▸ **YOUR TASK**: Please transcribe every entry below exactly, without including the pictures.

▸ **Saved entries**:
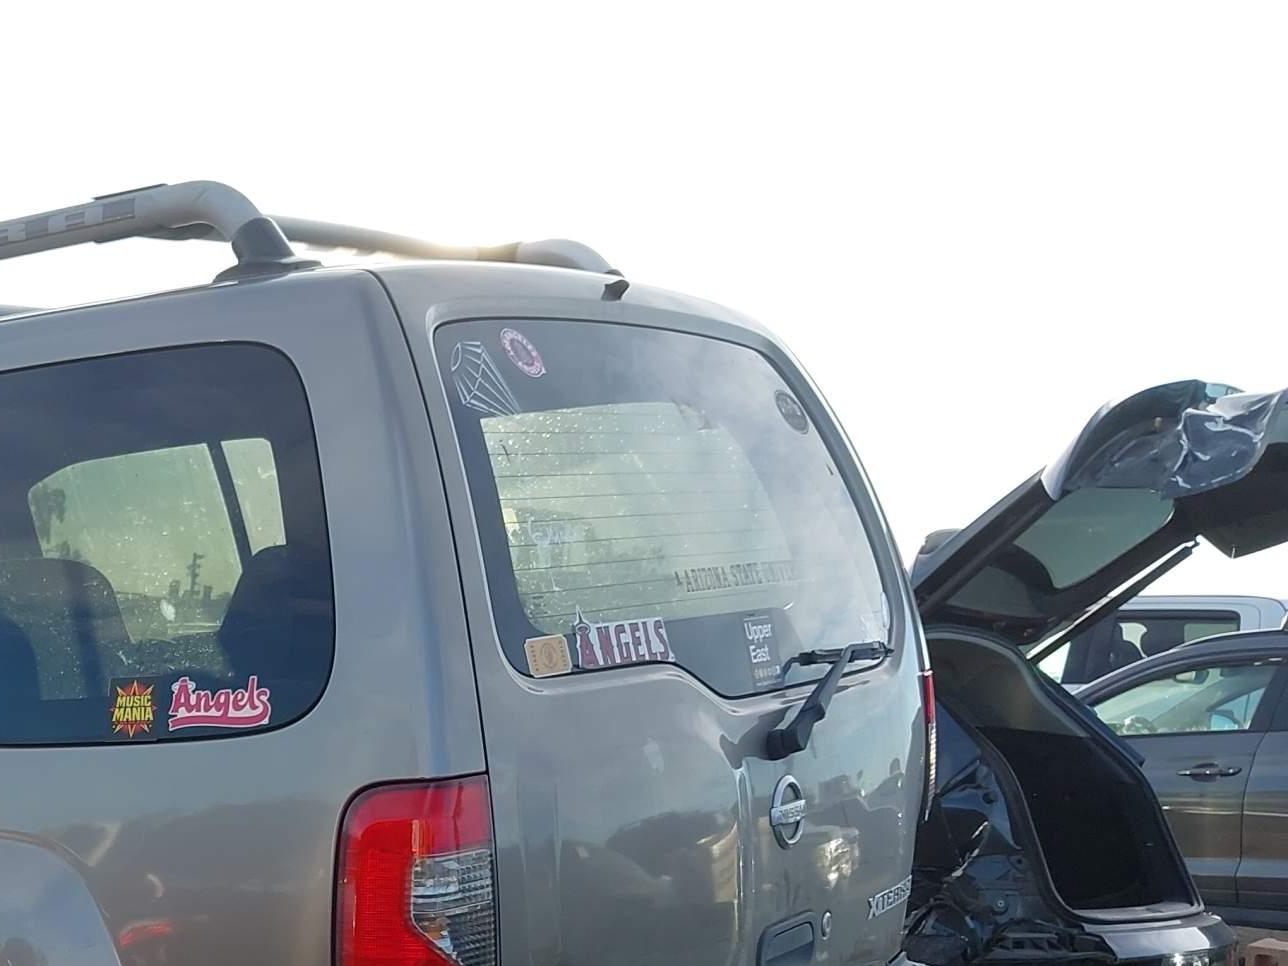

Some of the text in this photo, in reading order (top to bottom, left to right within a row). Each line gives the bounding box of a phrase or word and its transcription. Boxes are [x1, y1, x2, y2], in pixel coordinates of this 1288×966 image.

[684, 565, 732, 593] ARIZONA
[730, 562, 762, 587] STATE
[577, 612, 671, 669] ANGELS
[744, 622, 772, 643] Upper
[749, 644, 770, 663] East
[116, 695, 151, 708] MUSIC
[169, 676, 271, 722] Angels
[113, 707, 154, 721] MANIA
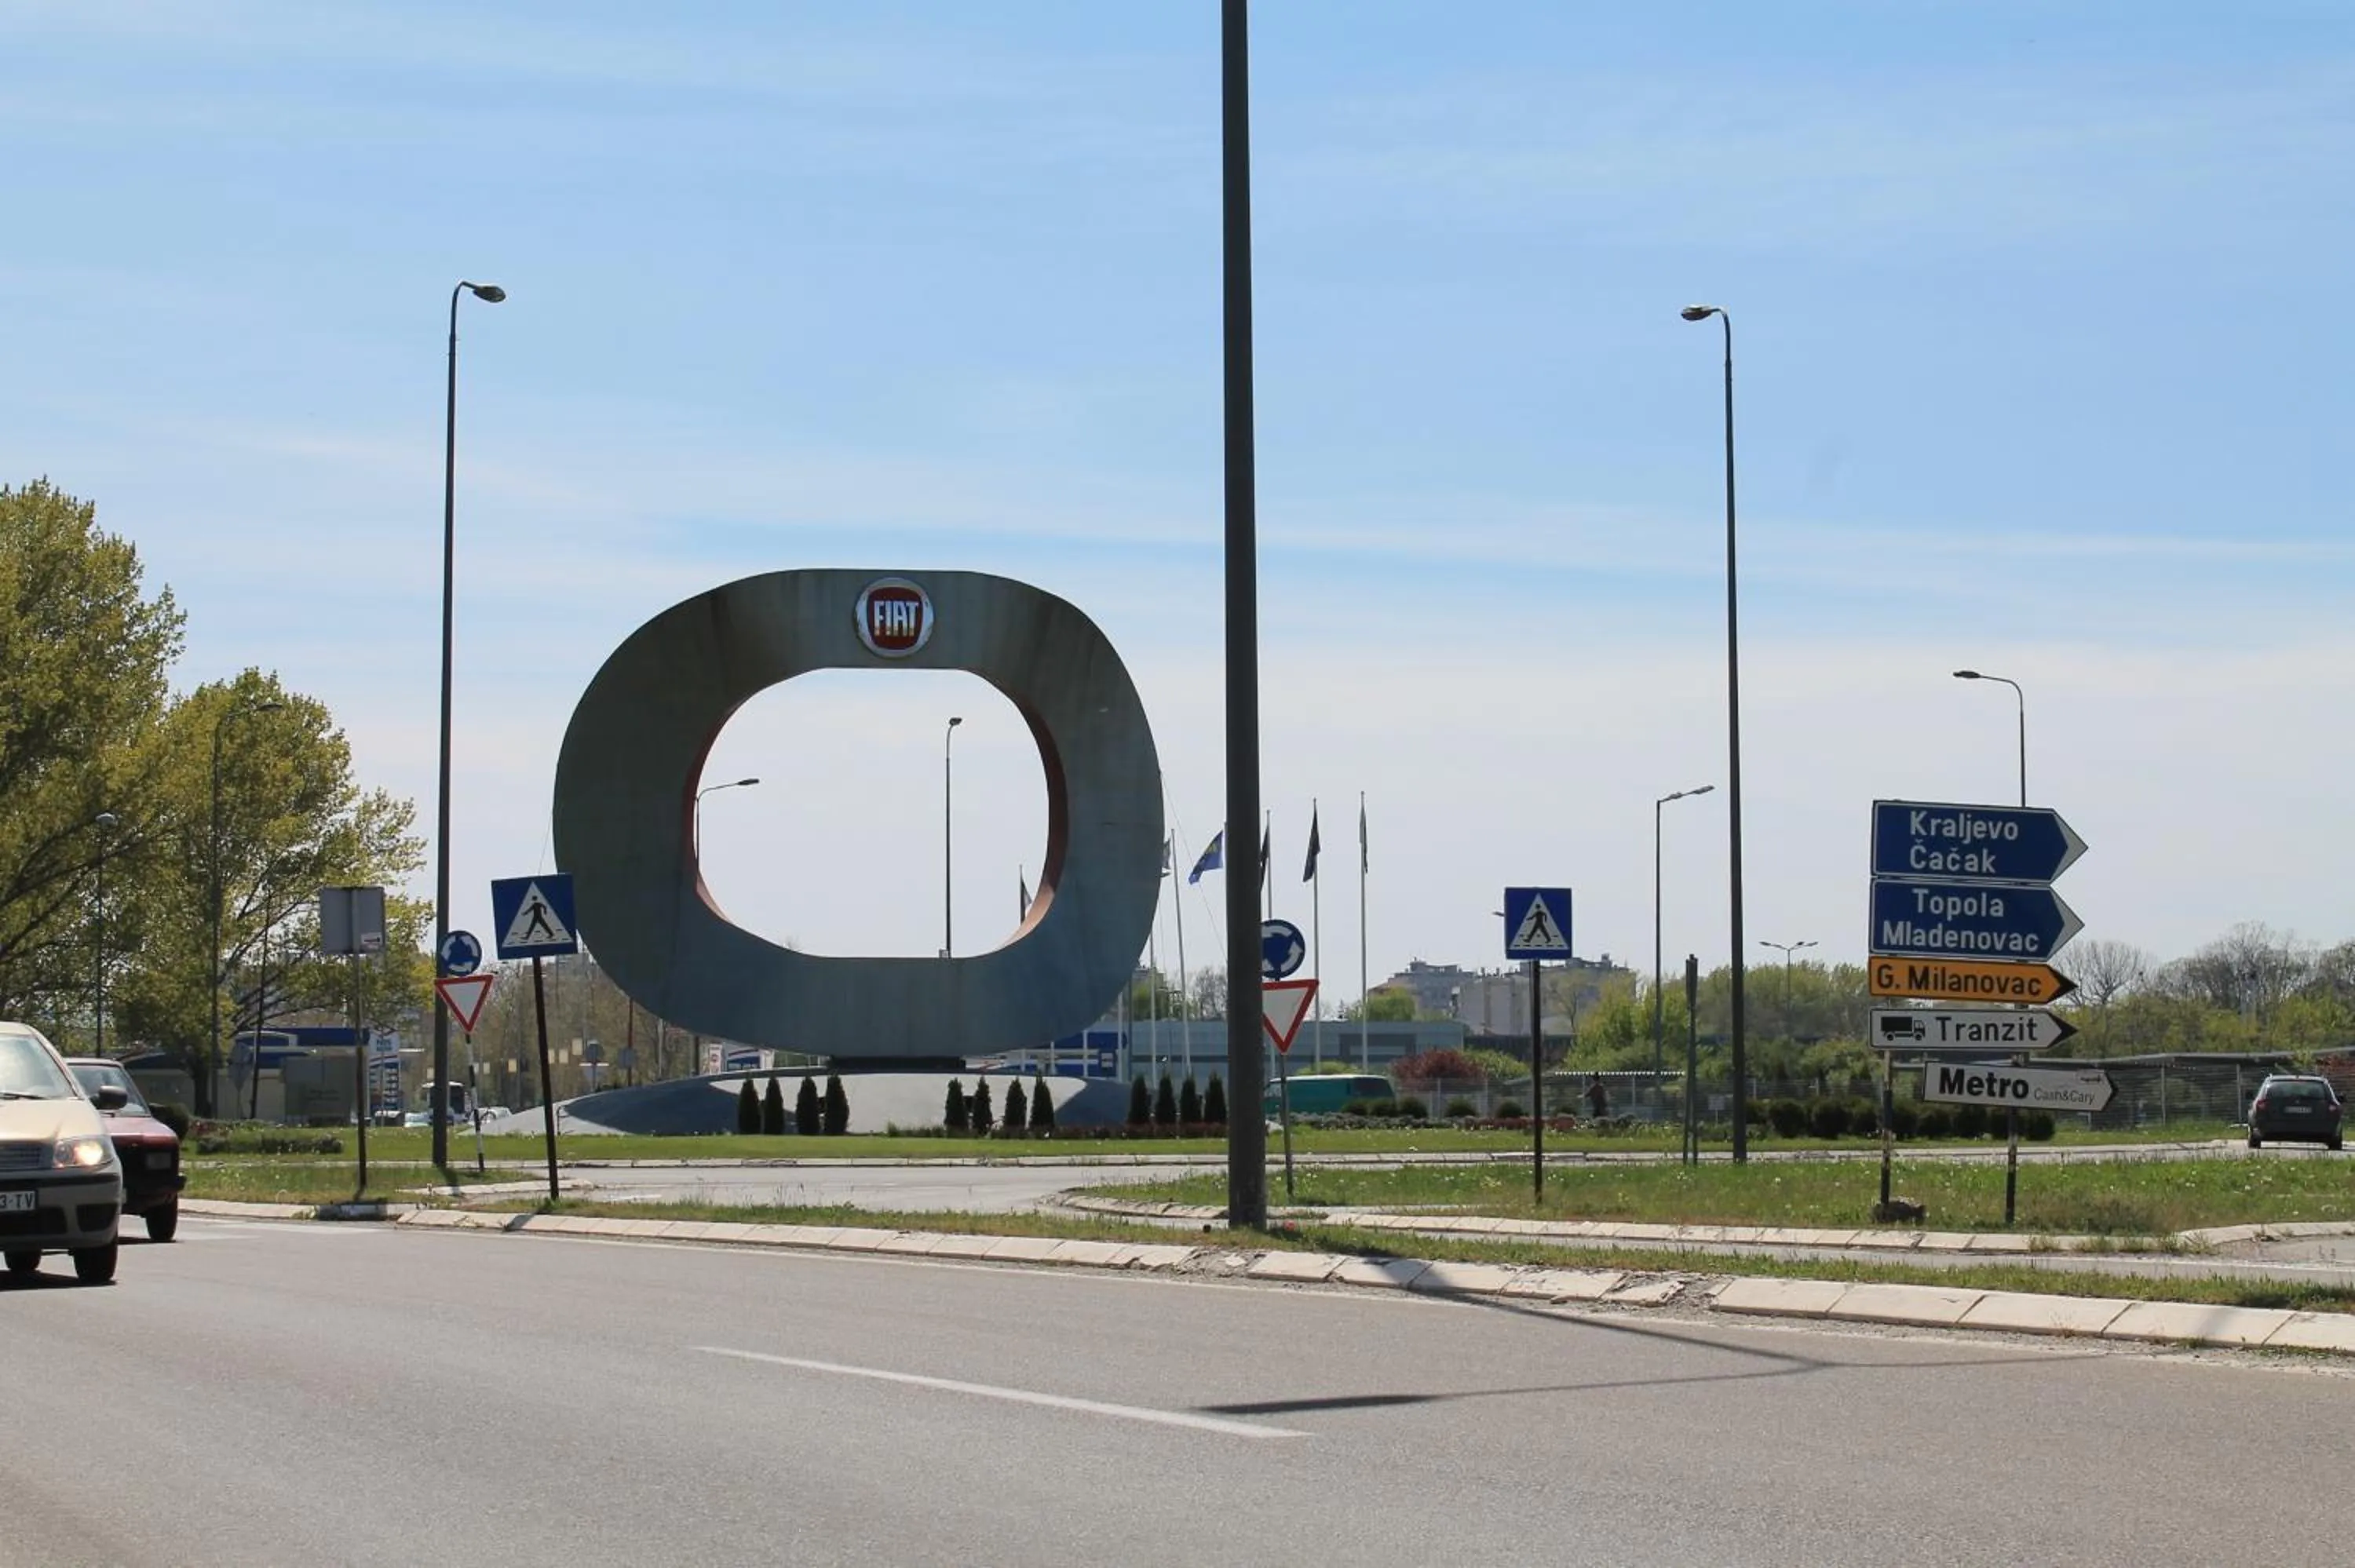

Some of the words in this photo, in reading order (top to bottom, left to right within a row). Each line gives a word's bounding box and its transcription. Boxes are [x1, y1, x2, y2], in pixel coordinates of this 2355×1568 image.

[874, 600, 918, 636] FIAT
[1910, 811, 2019, 844] Kraljevo
[1910, 839, 1996, 873] Čačak
[1912, 888, 2004, 921] Topola
[1883, 921, 2039, 953] Mladenovac
[1877, 965, 1900, 989] G.
[1908, 966, 2041, 996] Milanovac
[1936, 1016, 2039, 1041] Tranzit
[1939, 1067, 2030, 1100] Metro
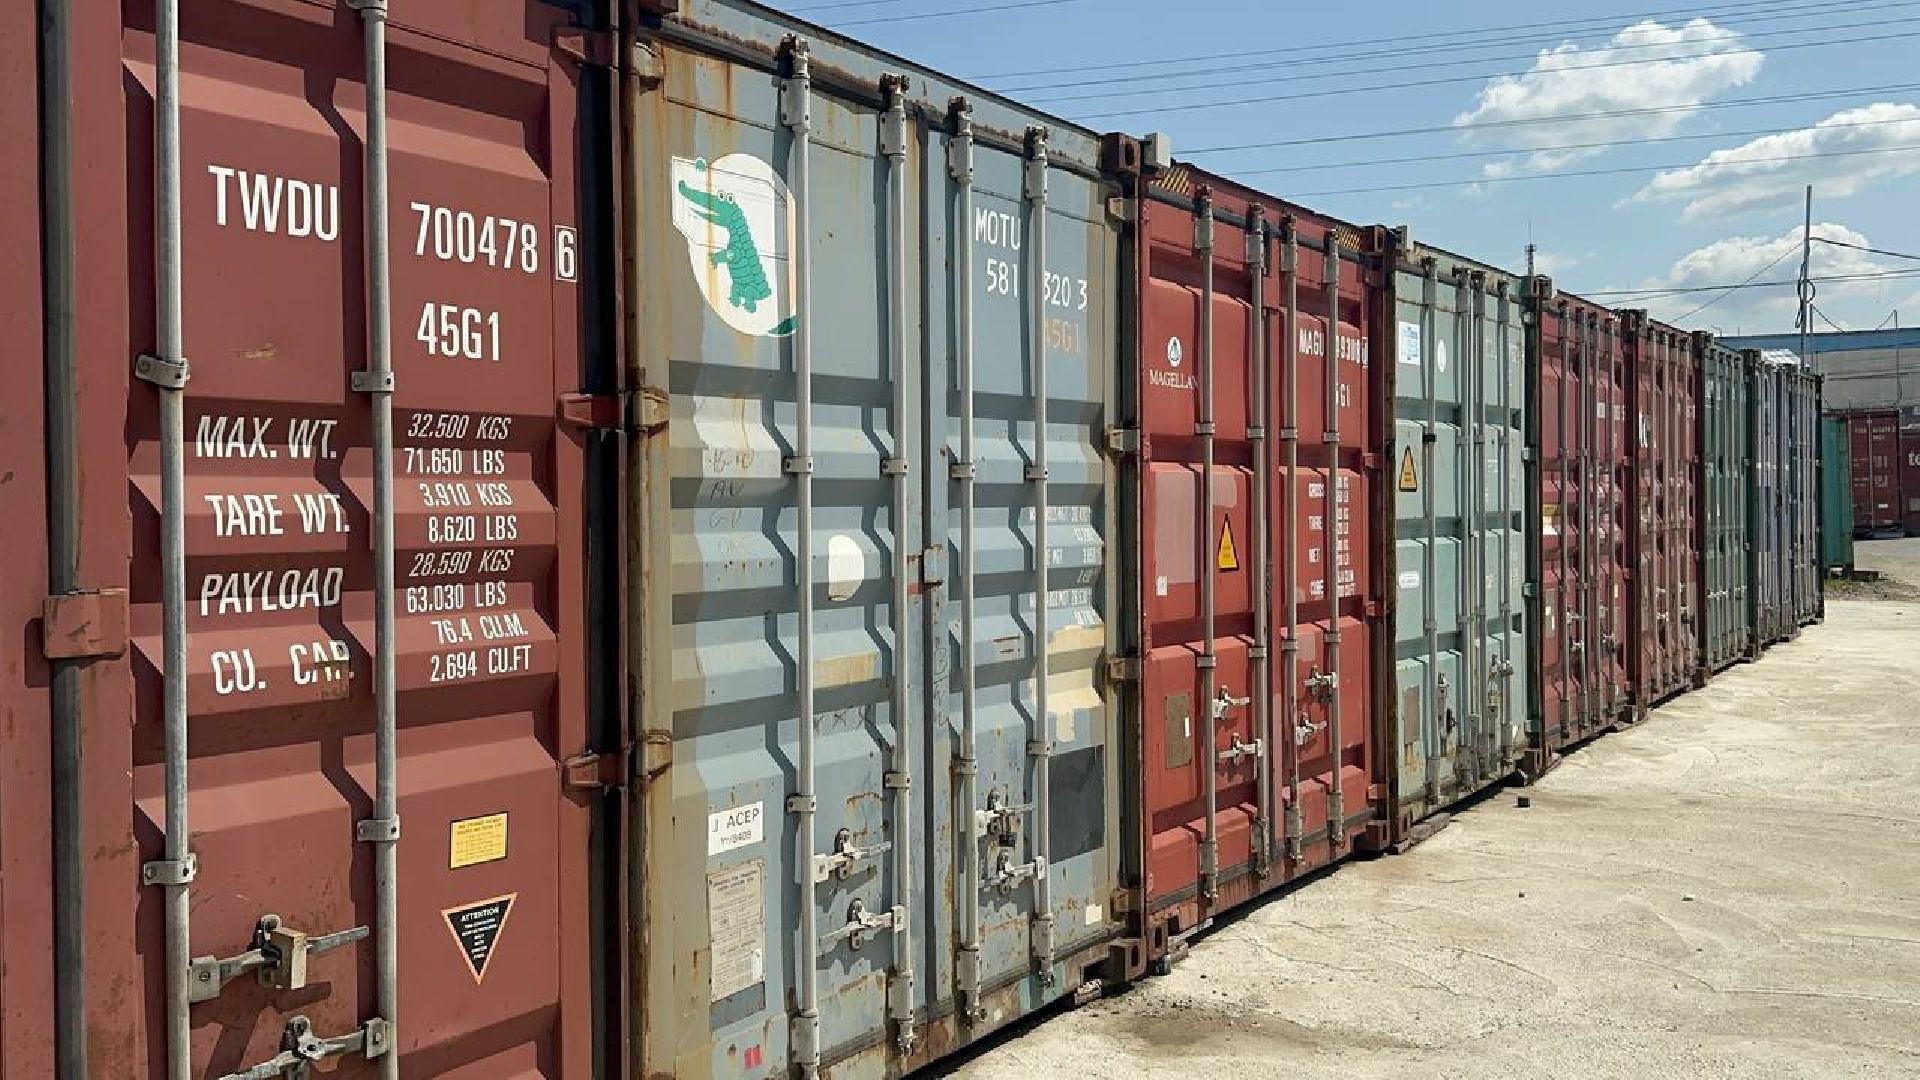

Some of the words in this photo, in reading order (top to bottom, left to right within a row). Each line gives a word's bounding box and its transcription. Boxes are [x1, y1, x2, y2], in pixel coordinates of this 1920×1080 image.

[207, 165, 338, 241] TWDU
[410, 201, 539, 274] 700478
[555, 225, 578, 282] 6
[975, 206, 1021, 250] MOTU
[987, 258, 1018, 298] 581
[1077, 279, 1088, 310] 3
[417, 302, 501, 361] 45G1
[195, 415, 278, 459] MAX.
[287, 417, 338, 460] WT.
[475, 415, 512, 440] KGS
[473, 449, 505, 475] LBS
[204, 494, 284, 537] TARE
[294, 493, 351, 534] WT.
[476, 483, 513, 507] KGS
[485, 515, 518, 541] LBS
[201, 566, 344, 617] PAYLOAD
[478, 548, 515, 575] KGS
[474, 581, 507, 607] LBS
[430, 618, 472, 645] 76.4
[210, 647, 266, 695] CU.
[487, 644, 532, 675] CU.FT
[726, 807, 760, 829] ACEP
[461, 906, 500, 922] ATTENTION

▸ **TASK ANSWER**:
Some of the text in this photo, in reading order (top to bottom, left to right within a row). Each line gives the bounding box of a phrase or word and its transcription. Boxes are [x1, y1, x2, y2], in pixel coordinates of this 1288×966 image.

[684, 565, 732, 593] ARIZONA
[730, 562, 762, 587] STATE
[577, 612, 671, 669] ANGELS
[744, 622, 772, 643] Upper
[749, 644, 770, 663] East
[116, 695, 151, 708] MUSIC
[169, 676, 271, 722] Angels
[113, 707, 154, 721] MANIA

Some of the words in this photo, in reading order (top to bottom, left to right within a row). Each line gives a word's bounding box and its transcription. Boxes are [x1, y1, x2, y2], in pixel coordinates of this 2355×1568 image.

[874, 600, 918, 636] FIAT
[1910, 811, 2019, 844] Kraljevo
[1910, 839, 1996, 873] Čačak
[1912, 888, 2004, 921] Topola
[1883, 921, 2039, 953] Mladenovac
[1877, 965, 1900, 989] G.
[1908, 966, 2041, 996] Milanovac
[1936, 1016, 2039, 1041] Tranzit
[1939, 1067, 2030, 1100] Metro

Some of the words in this photo, in reading order (top to bottom, left to right within a row). Each line gives a word's bounding box and its transcription. Boxes are [x1, y1, x2, y2], in pixel coordinates of this 1920×1080 image.

[207, 165, 338, 241] TWDU
[410, 201, 539, 274] 700478
[555, 225, 578, 282] 6
[975, 206, 1021, 250] MOTU
[987, 258, 1018, 298] 581
[1077, 279, 1088, 310] 3
[417, 302, 501, 361] 45G1
[195, 415, 278, 459] MAX.
[287, 417, 338, 460] WT.
[475, 415, 512, 440] KGS
[473, 449, 505, 475] LBS
[204, 494, 284, 537] TARE
[294, 493, 351, 534] WT.
[476, 483, 513, 507] KGS
[485, 515, 518, 541] LBS
[201, 566, 344, 617] PAYLOAD
[478, 548, 515, 575] KGS
[474, 581, 507, 607] LBS
[430, 618, 472, 645] 76.4
[210, 647, 266, 695] CU.
[487, 644, 532, 675] CU.FT
[726, 807, 760, 829] ACEP
[461, 906, 500, 922] ATTENTION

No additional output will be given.